All’Aeroporto di Foligno è stato realizzato un distributore automatico di carburante avio, grazie a una concessione rilasciata da ENAC: nel mondo dell’aviazione generale, dove volano aeroplani da turismo, scuole di volo, aerotaxi e piccole operazioni non di linea, la possibilità di fare rifornimento in campo è una delle condizioni che rendono uno scalo davvero praticabile. Senza, un aeroporto resta di fatto dipendente da soluzioni alternative: atterri, fai una sosta, riparti, ma solo se hai pianificato prima come e dove fare carburante, magari altrove. E la differenza, alla lunga, pesa.
Infatti, un distributore automatico elimina una frizione logistica che, per chi vola, può diventare decisiva: se sai che arrivi e puoi rifornire, aumentano le rotte possibili, diventano più semplici le soste intermedie, e soprattutto cresce l’affidabilità percepita dell’aeroporto. Quando si parla di avioturismo, ci si riferisce da persone e piccoli operatori che scelgono la destinazione in base a una combinazione molto concreta di fattori: facilità di accesso, servizi disponibili, tempi rapidi, costi sostenibili e una rete di accoglienza capace di trasformare un atterraggio in un’esperienza sul territorio.
L’Aeroporto Internazionale dell’Umbria – Perugia “San Francesco d’Assisi” comporti costi operativi elevati e le dinamiche del traffico aereo di linea possono limitare atterraggi e decolli dell’aviazione generale. Perciò, Foligno viene presentato come uno scalo strategico proprio per chi vola per turismo e per attività non di linea.
Per capire quanto pesasse la mancanza di un impianto del genere, basti sapere che l’assenza di una pompa dedicata al rifornimento poneva grossi limiti all’attività dell’aeroporto: se non puoi rifornire, devi ripianificare; se devi spostarti per fare carburante, aumentano tempi e costi; se la sosta diventa complicata, la destinazione smette di essere appetibile. Da qui l’idea che non sia un intervento casuale, ma parte di una visione, quella di creare condizioni per uno sviluppo dell’avioturismo con ricadute economiche, turistiche e di promozione della città.
In effetti, un volo turistico porta persone che cercano un trasferimento, una pausa pranzo, una visita, magari una notte in struttura, spesso con un’attenzione particolare alla qualità dell’accoglienza. Significa che una scuola di volo o un aeroclub, se supportati da servizi adeguati, possono aumentare attività e attrattività. Significa che un territorio può iniziare a ragionare su pacchetti dedicati, sulle navette verso i centri di interesse, su convenzioni locali che rendono naturale scegliere Foligno come porta d’ingresso. Il carburante, in questo scenario, è una delle leve che trasformano una possibilità in un flusso.

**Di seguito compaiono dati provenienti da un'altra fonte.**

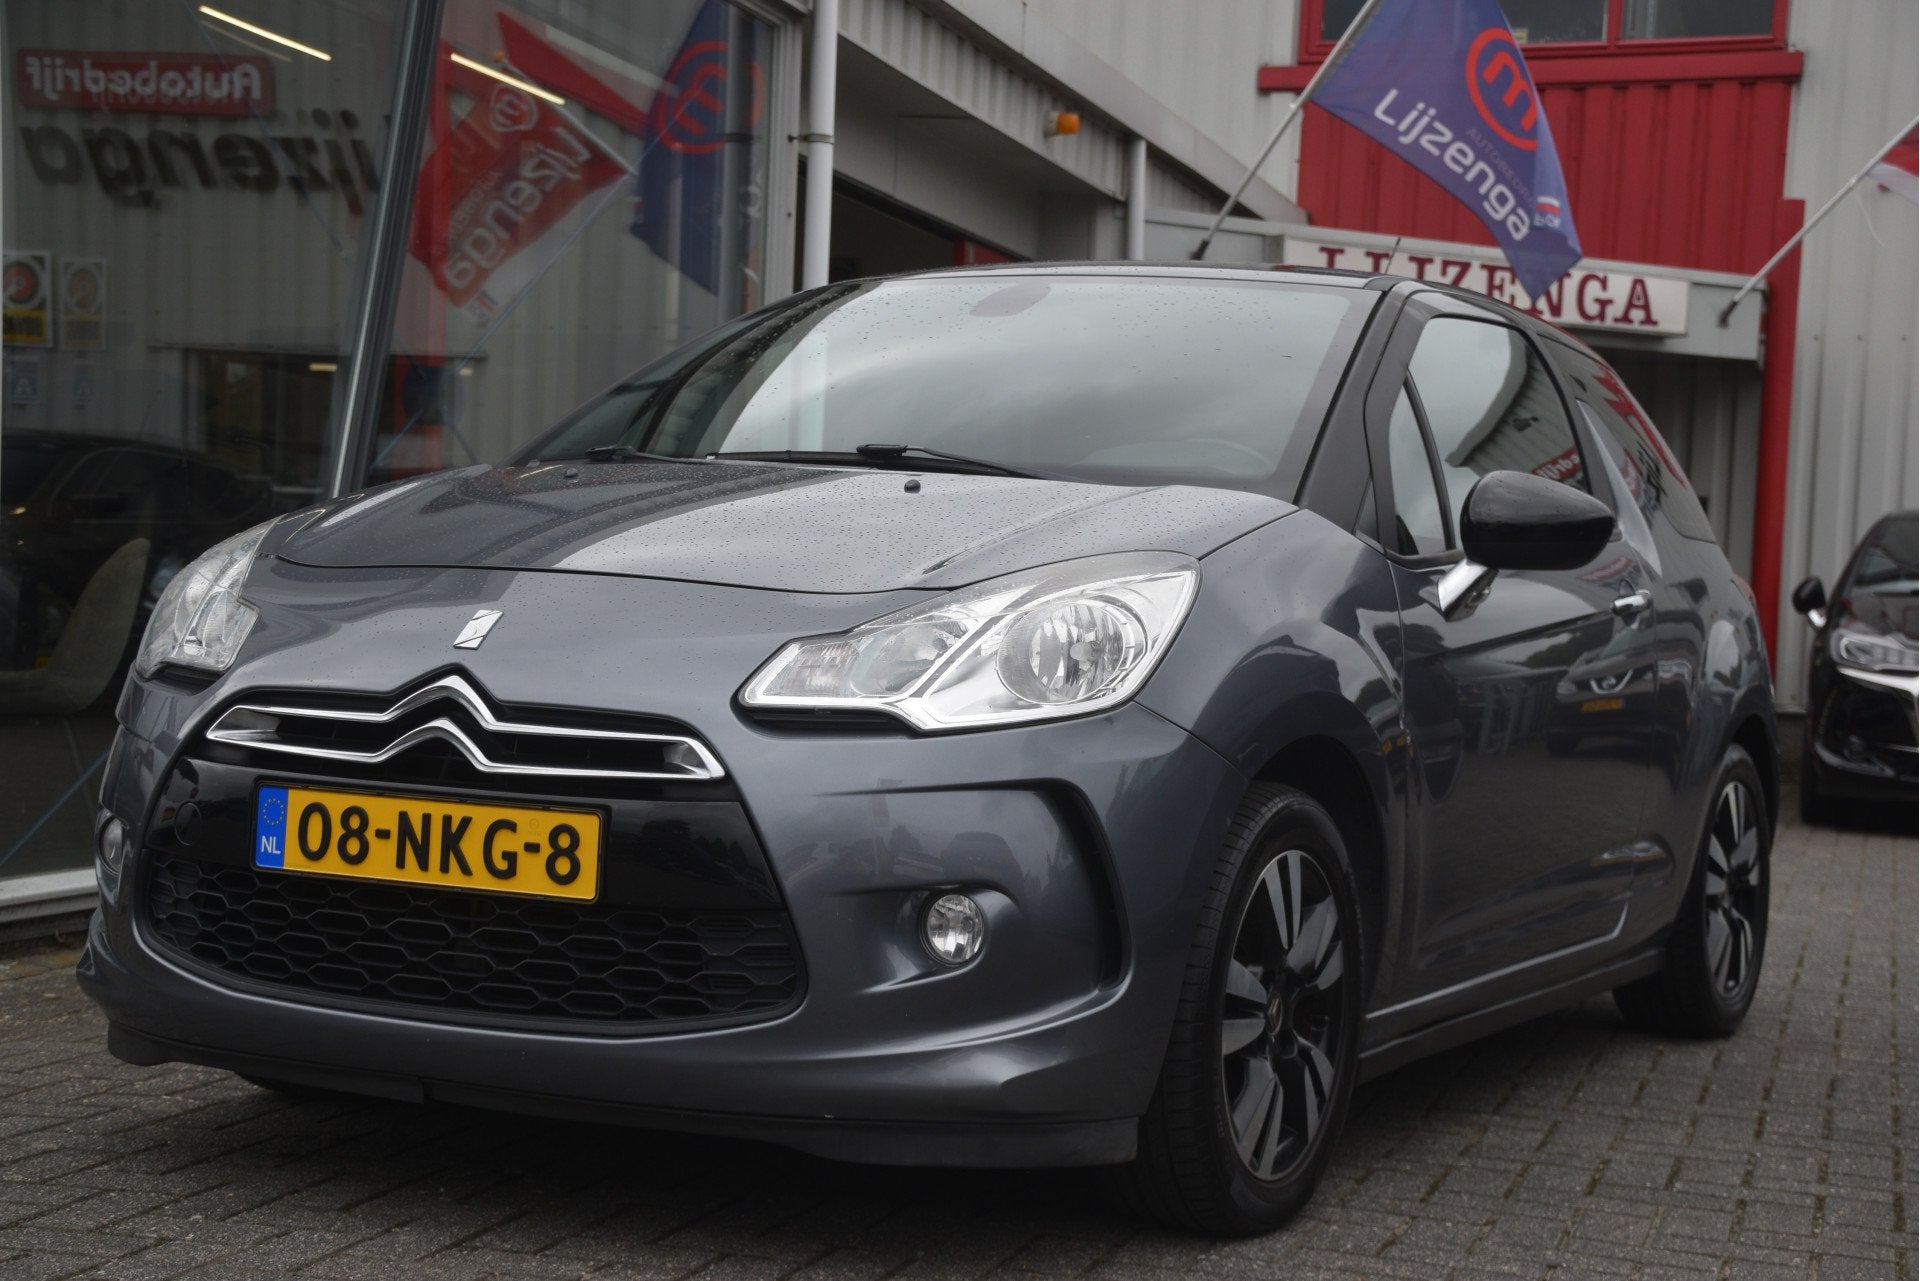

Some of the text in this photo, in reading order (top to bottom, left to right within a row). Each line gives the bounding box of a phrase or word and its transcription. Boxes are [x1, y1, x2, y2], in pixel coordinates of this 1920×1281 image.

E in un settore come quello aeronautico, dove ogni operazione è legata a standard e regole, la disponibilità di un’infrastruttura ufficiale fa parte del valore dello scalo: non a caso, per l’Aeroporto di Foligno esistono documenti e regolamenti di scalo pubblicati anche in ambito ENAC, che inquadrano le operazioni aeroportuali e i riferimenti normativi.
E un distributore di carburante avio, in un contesto come quello folignate, è esattamente il tipo di scelta che rende credibile una traiettoria di sviluppo fatta di avioturismo, attività economiche diffuse e promozione del territorio.